Christopher Purves has an enviable ability to sing the most complex musical lines whilst retaining perfect diction, absolute clarity of articulation, and a beautifully stable voice with minimal traces of the vibrato that bedevils so many singers. He also managed the sort of low bass notes that most singers can only manage before breakfast, notably in the gorgeously gentle ‘Fra l’ombre e gl’orrori’ from Aci, Galatea e Polifemo. Added to this his outstanding communication skills and his evident ability to absorb and channel, on this occasion, a wide range of different characters – eight in total ranging from Argante, Cosroe and Gabrias via the two different version of Polyphemus/Polifemo to the concluding Hamon, in Esther. My only slight quibble is his habit of turning initial ‘R’s into machine-gun like ‘Rrrrrrrrrrrrrrrrrrr’s’. Having said that, two of those occasions were perfectly apt – ‘I rage, I melt, I burn‘, from Acis and Galatea and ‘Racks, gibbets, sword and fire’ from Theodora. 
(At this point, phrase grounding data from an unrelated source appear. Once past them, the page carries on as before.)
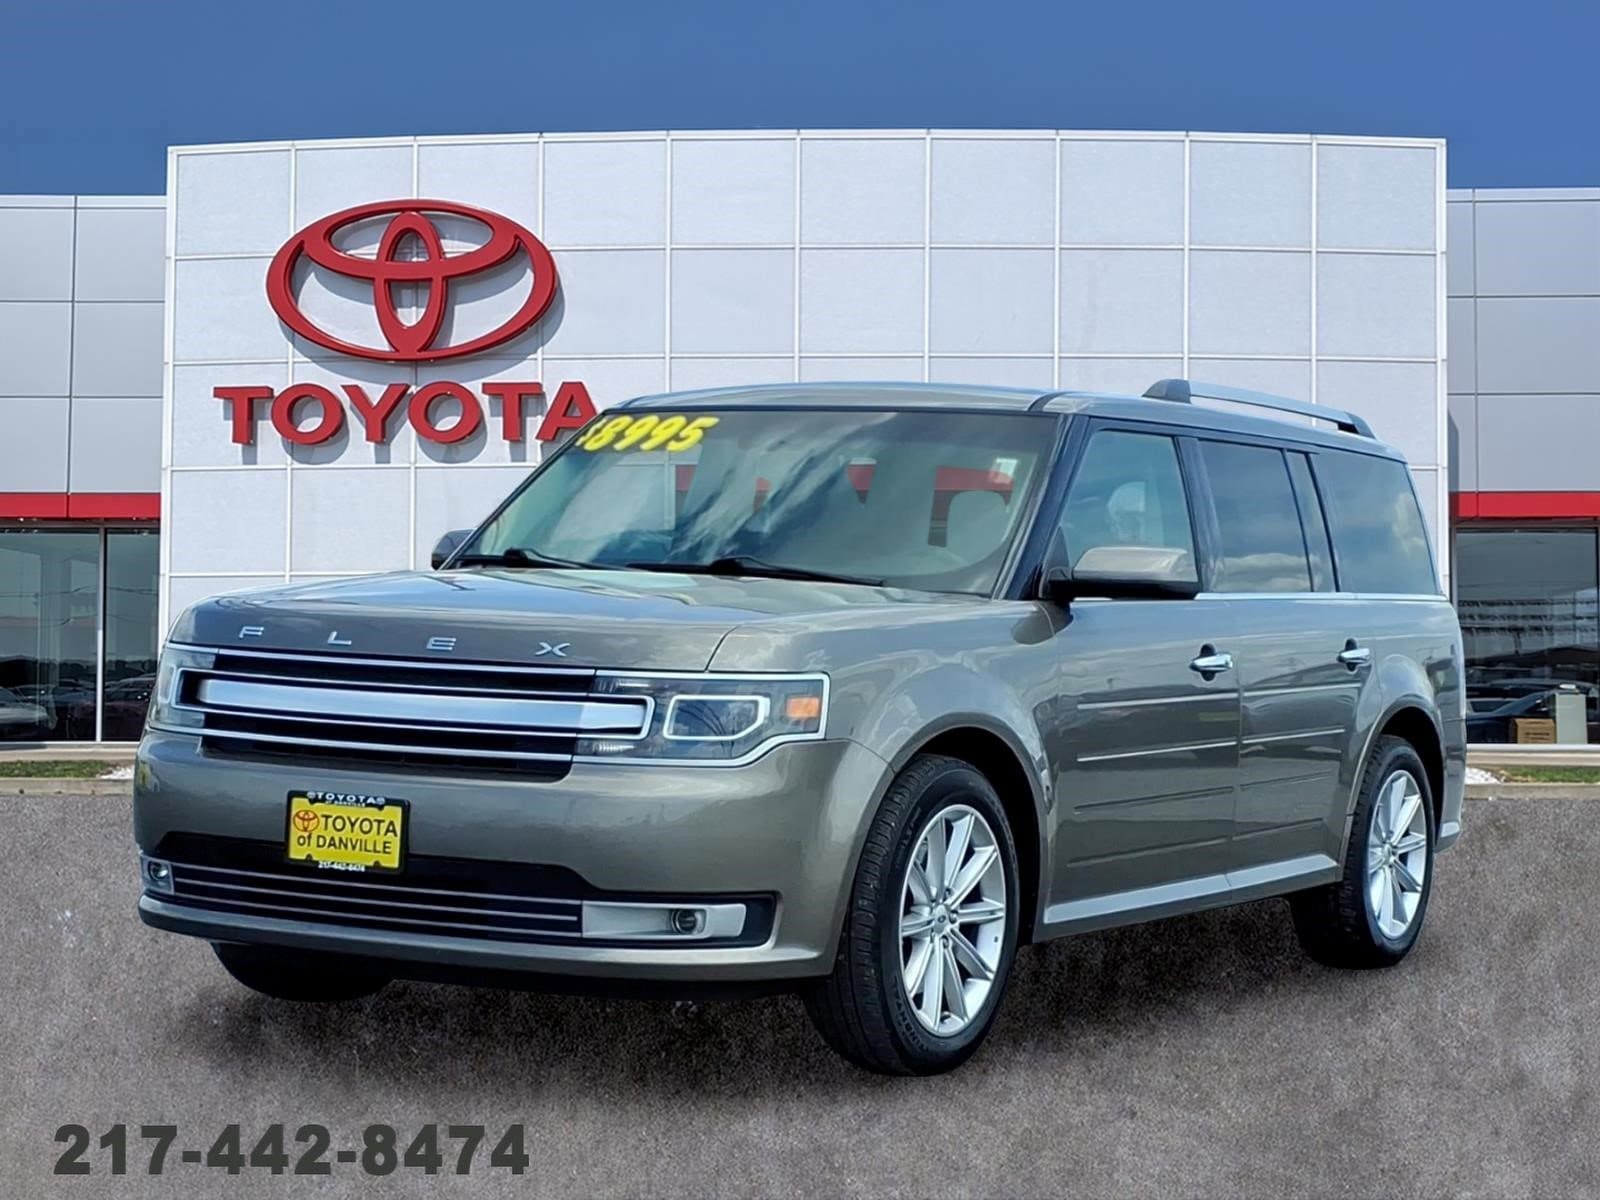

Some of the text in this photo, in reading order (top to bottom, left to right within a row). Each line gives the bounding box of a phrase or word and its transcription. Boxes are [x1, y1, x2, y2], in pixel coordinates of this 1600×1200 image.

[213, 381, 597, 445] TOYOTA
[238, 625, 571, 657] FLEX
[317, 791, 376, 804] TOYOTA
[321, 814, 397, 837] TOYOTA
[297, 833, 392, 854] of DANVILLE
The always excellent Arcangelo produced several instrumental highlights, the finest also being the most entertaining with Rebecca Miles’s recorder playing in I rage, I melt, I burn. Handel pokes fun at Polyphemus by interpreting his request for “a hundred reeds of decent growth” to make a pipe “for his capacious mouth” with music for the tiniest of recorders, on this occasion whipped from Purves’ inner pocket and passed over to Rebecca Miles to replace her larger version. During ‘Opprest with never ceasing grief’ from Belshazzar, Katharina Spreckelsen added some delightful oboe moments. In their performance of two Handel Concerti Grossi (Op6/5 and Op3/4), leader Cecelia Bernardini and fellow violinist Michael Gurevich and cellist Jonathan Manson excelled. On the down-side, the theorbo player was rather disturbingly anarchic in his use of off-beat rhythms and inappropriately percussive twangs and strums.
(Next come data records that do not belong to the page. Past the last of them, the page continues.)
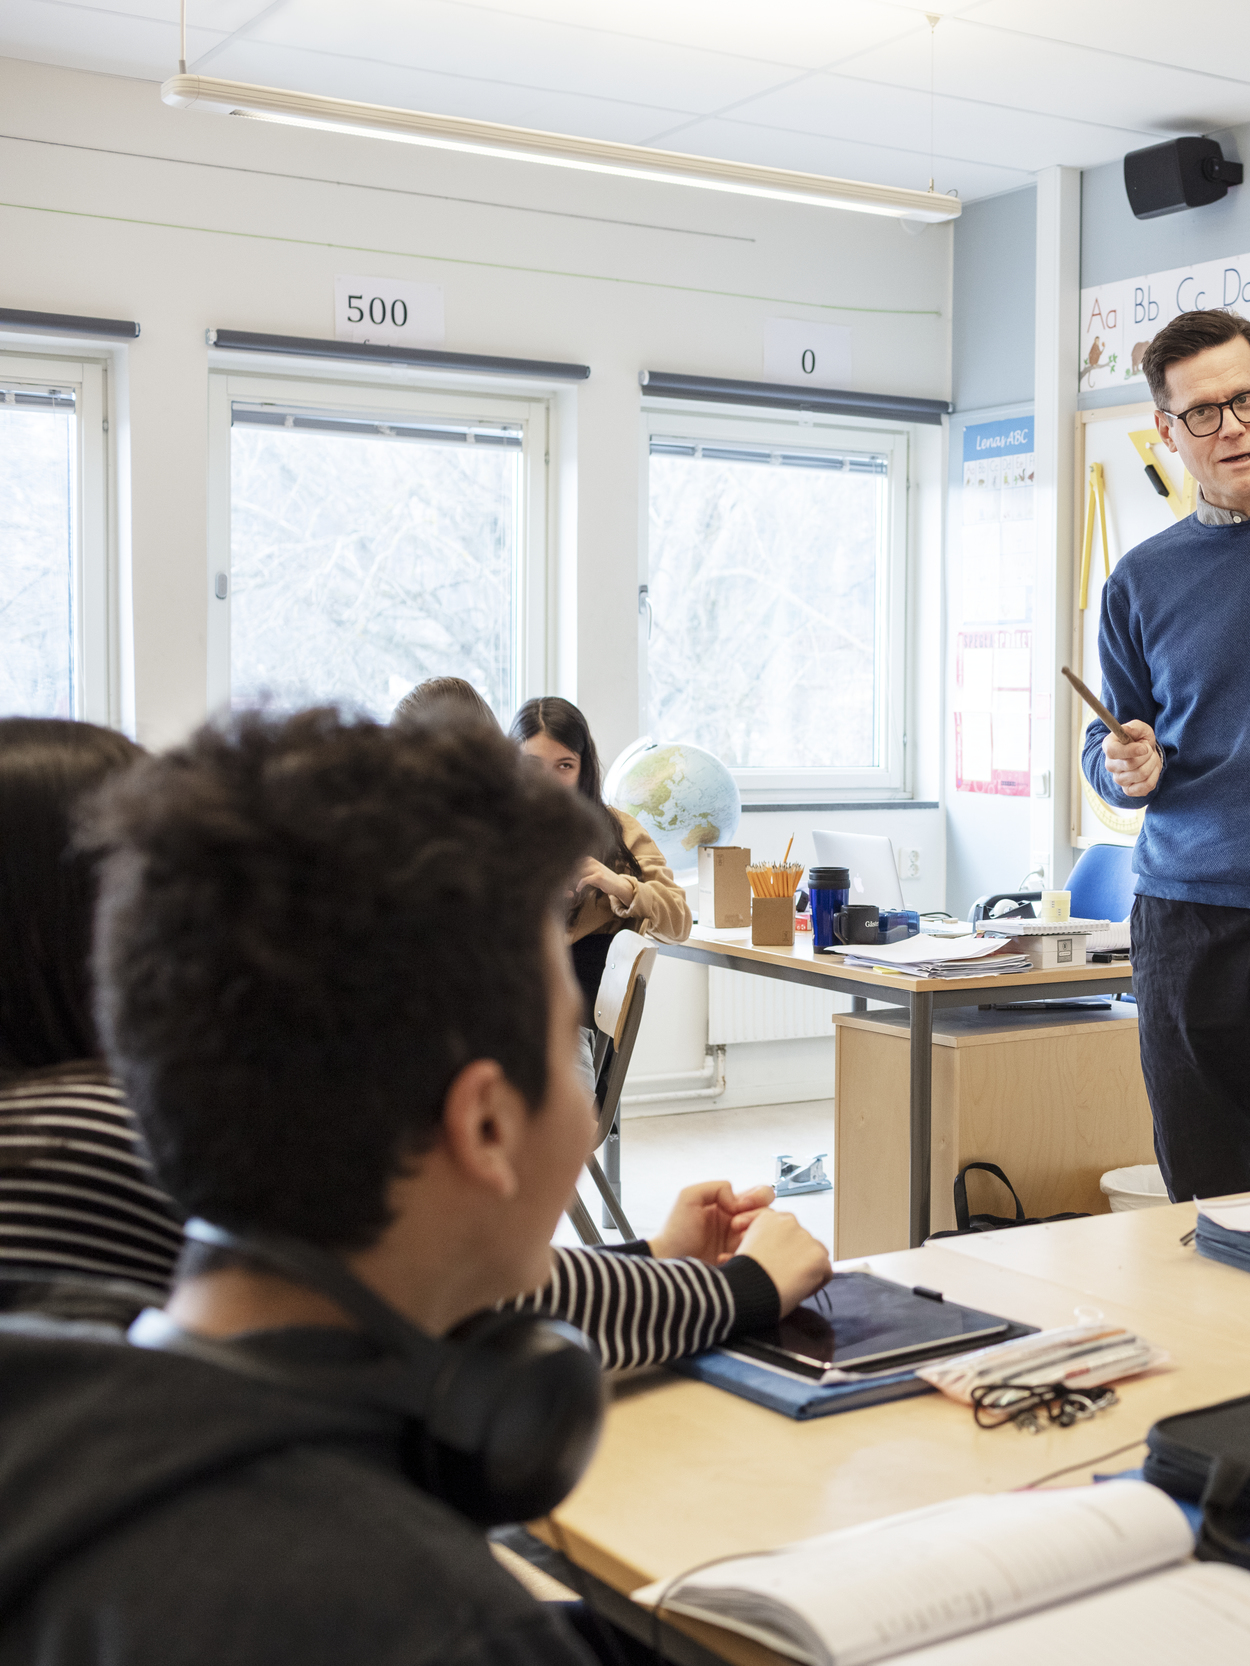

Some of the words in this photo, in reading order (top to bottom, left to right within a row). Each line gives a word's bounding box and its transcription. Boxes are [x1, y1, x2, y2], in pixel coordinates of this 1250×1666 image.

[347, 294, 408, 327] 500
[1086, 297, 1117, 333] Aa
[1134, 286, 1159, 324] Bb
[1175, 277, 1206, 314] Cc
[801, 349, 816, 374] 0
[976, 435, 1005, 451] Lenas
[1006, 429, 1028, 446] ABC
My only issue with the programme is that it was a shame that, instead of the two performed Concertos, we didn’t hear a couple of Handel’s Organ Concertos, not least because they were first performed during the intervals of some of the oratorios that featured in the programme. It is debatable whether Handel included an organ in his operas, but certainly did in the oratorios, although on this occasion the organ was played throughout, although it was only audible (at least, to me) on one occasion.  That said, the two Concertos played were very effective examples of Handel’s instrumental composing style – and his ability to confuse audiences as to when a piece finishes. The lack of a listing of the movements in the programme resulted in two rounds of applause in the ‘wrong’ place, despite director Jonathan Cohen’s attempts to indicate that the piece had not ended. An inspiring concert.
The concert includes pieces from the Hyperion CD Handel’s finest arias for Base Voice. A second CD will be released later this year.